▸ Exercise instructions
Write the entries out again in full and unchanged, dropping every image.

▸ The data

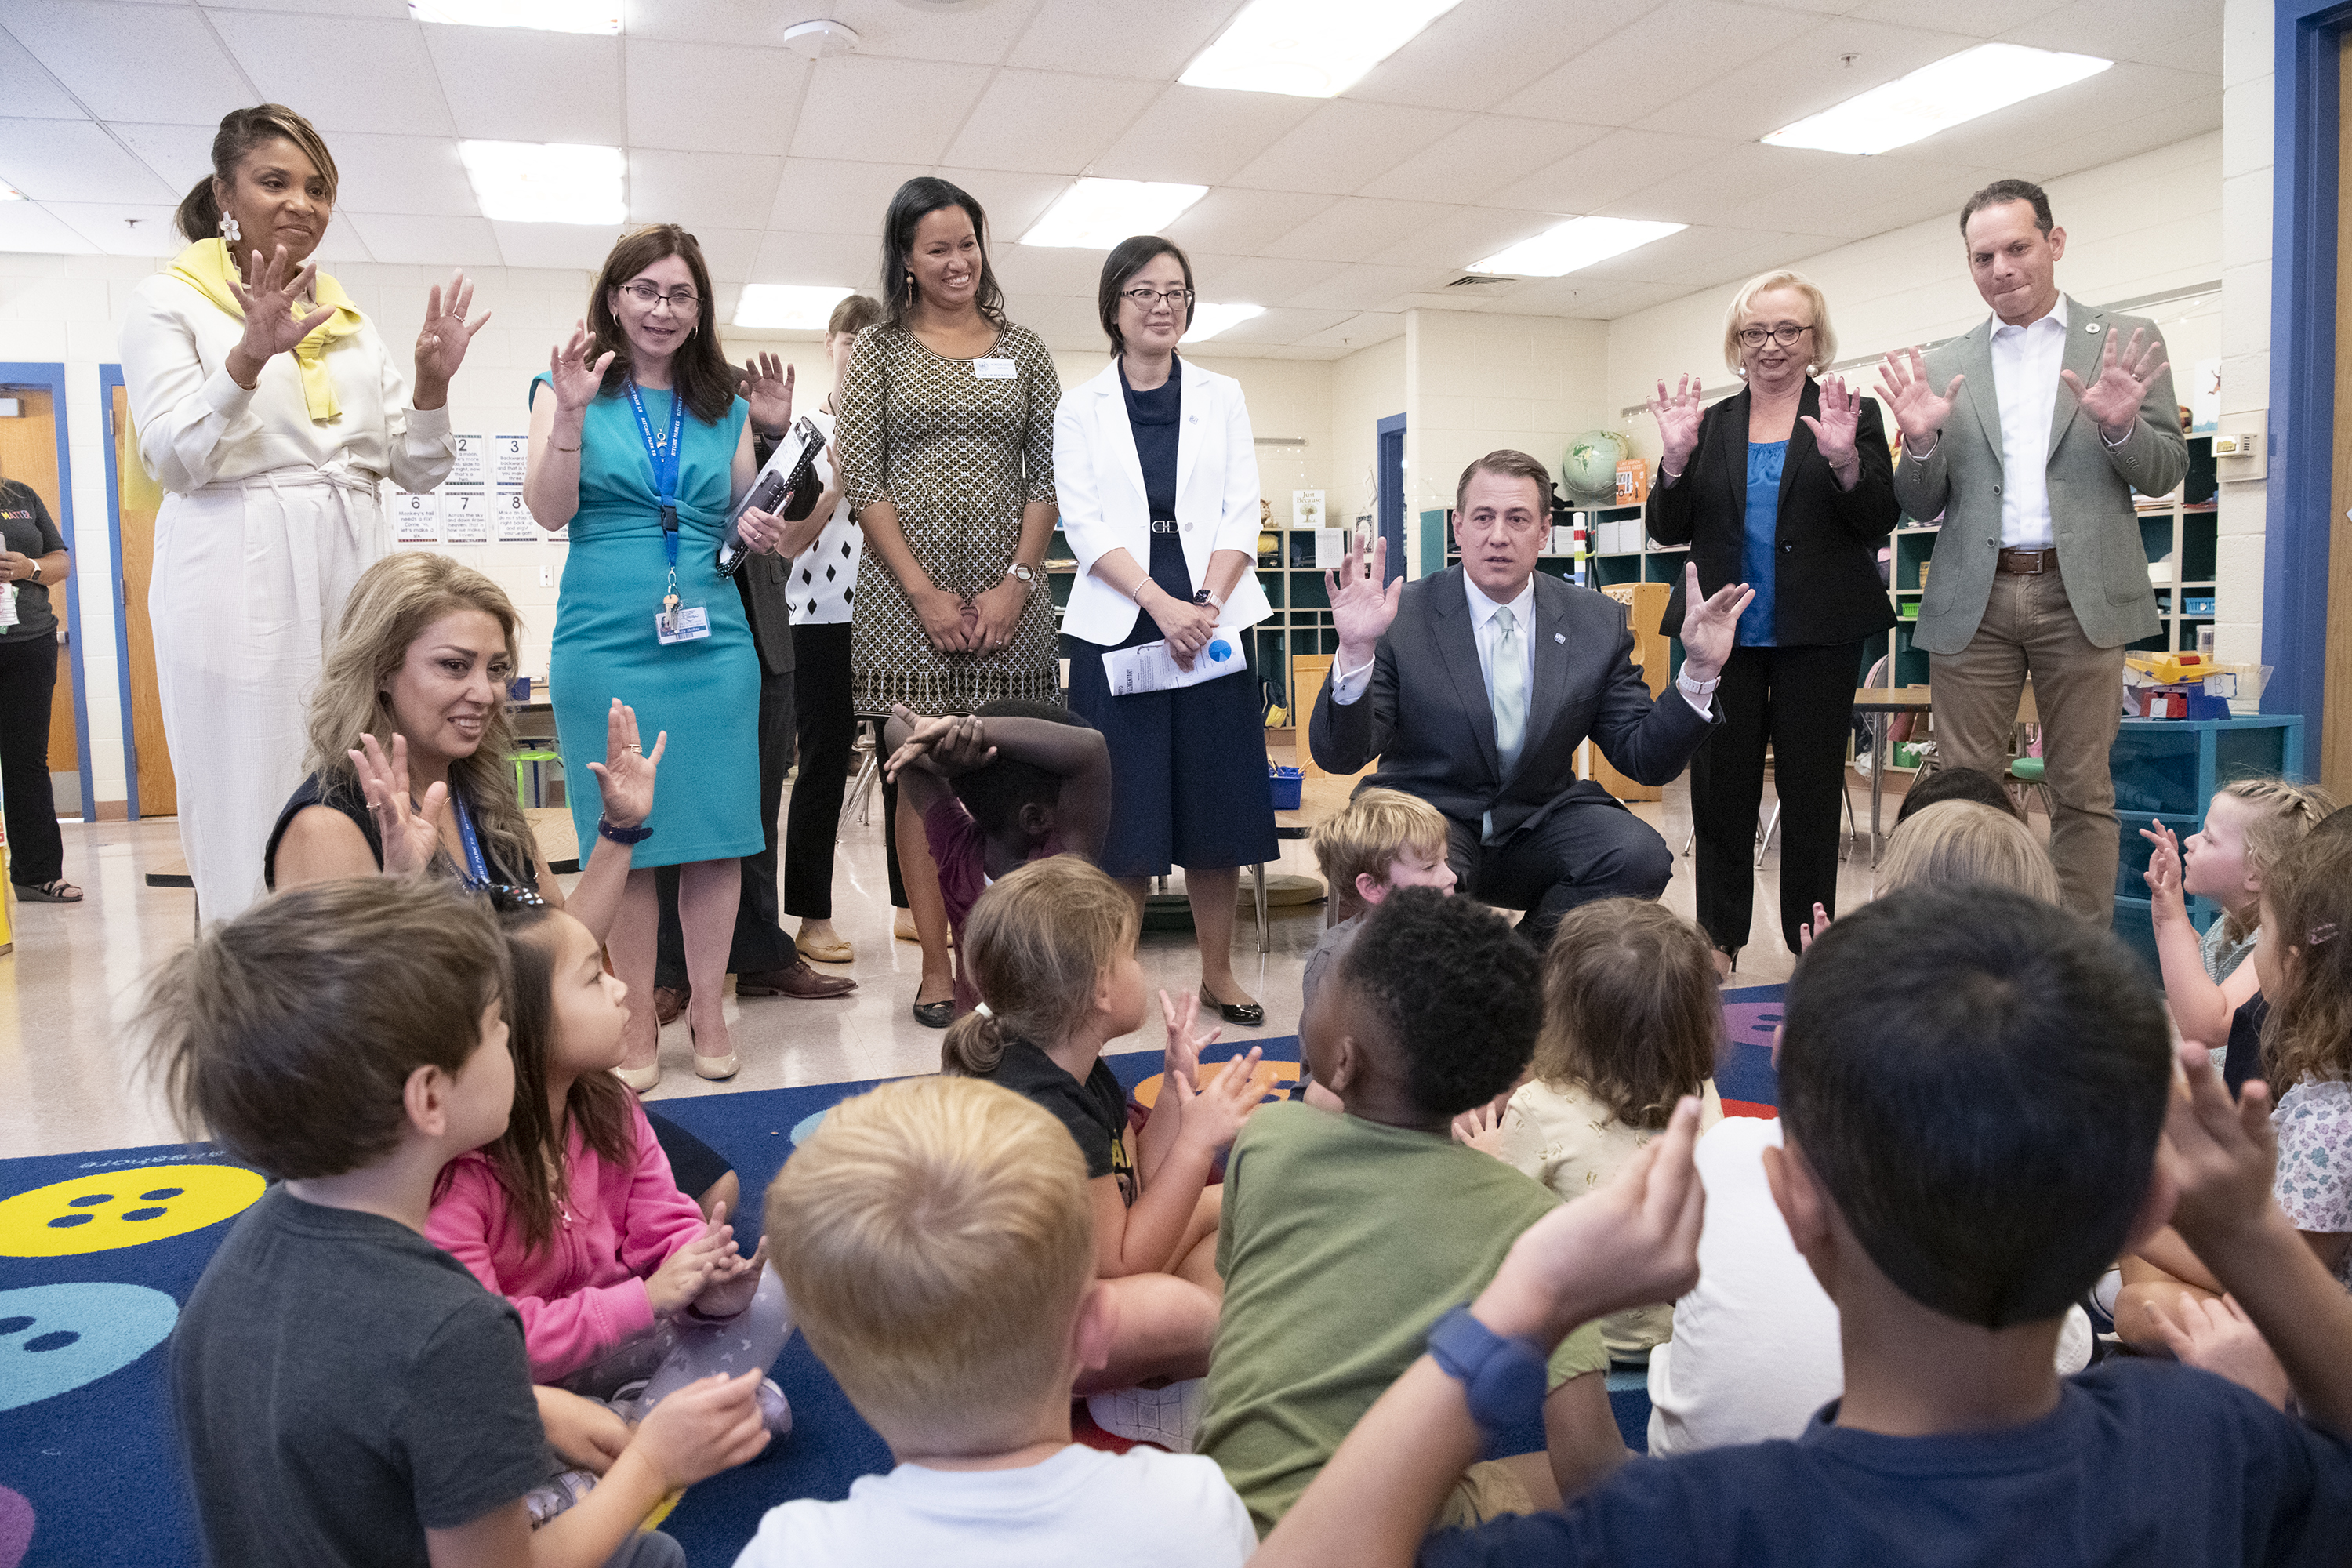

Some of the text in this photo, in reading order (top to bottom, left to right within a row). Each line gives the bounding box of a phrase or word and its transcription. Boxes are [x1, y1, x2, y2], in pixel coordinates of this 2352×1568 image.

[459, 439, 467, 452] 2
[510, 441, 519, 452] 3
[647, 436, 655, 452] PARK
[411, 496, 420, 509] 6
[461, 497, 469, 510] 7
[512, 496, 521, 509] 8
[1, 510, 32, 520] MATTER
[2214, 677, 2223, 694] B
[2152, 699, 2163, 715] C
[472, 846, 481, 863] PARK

▸ Task solution
Some of the text in this photo, in reading order (top to bottom, left to right within a row). Each line gives the bounding box of a phrase or word and its transcription. Boxes are [x1, y1, x2, y2], in pixel coordinates of this 2352×1568 image.

[459, 439, 467, 452] 2
[510, 441, 519, 452] 3
[647, 436, 655, 452] PARK
[411, 496, 420, 509] 6
[461, 497, 469, 510] 7
[512, 496, 521, 509] 8
[1, 510, 32, 520] MATTER
[2214, 677, 2223, 694] B
[2152, 699, 2163, 715] C
[472, 846, 481, 863] PARK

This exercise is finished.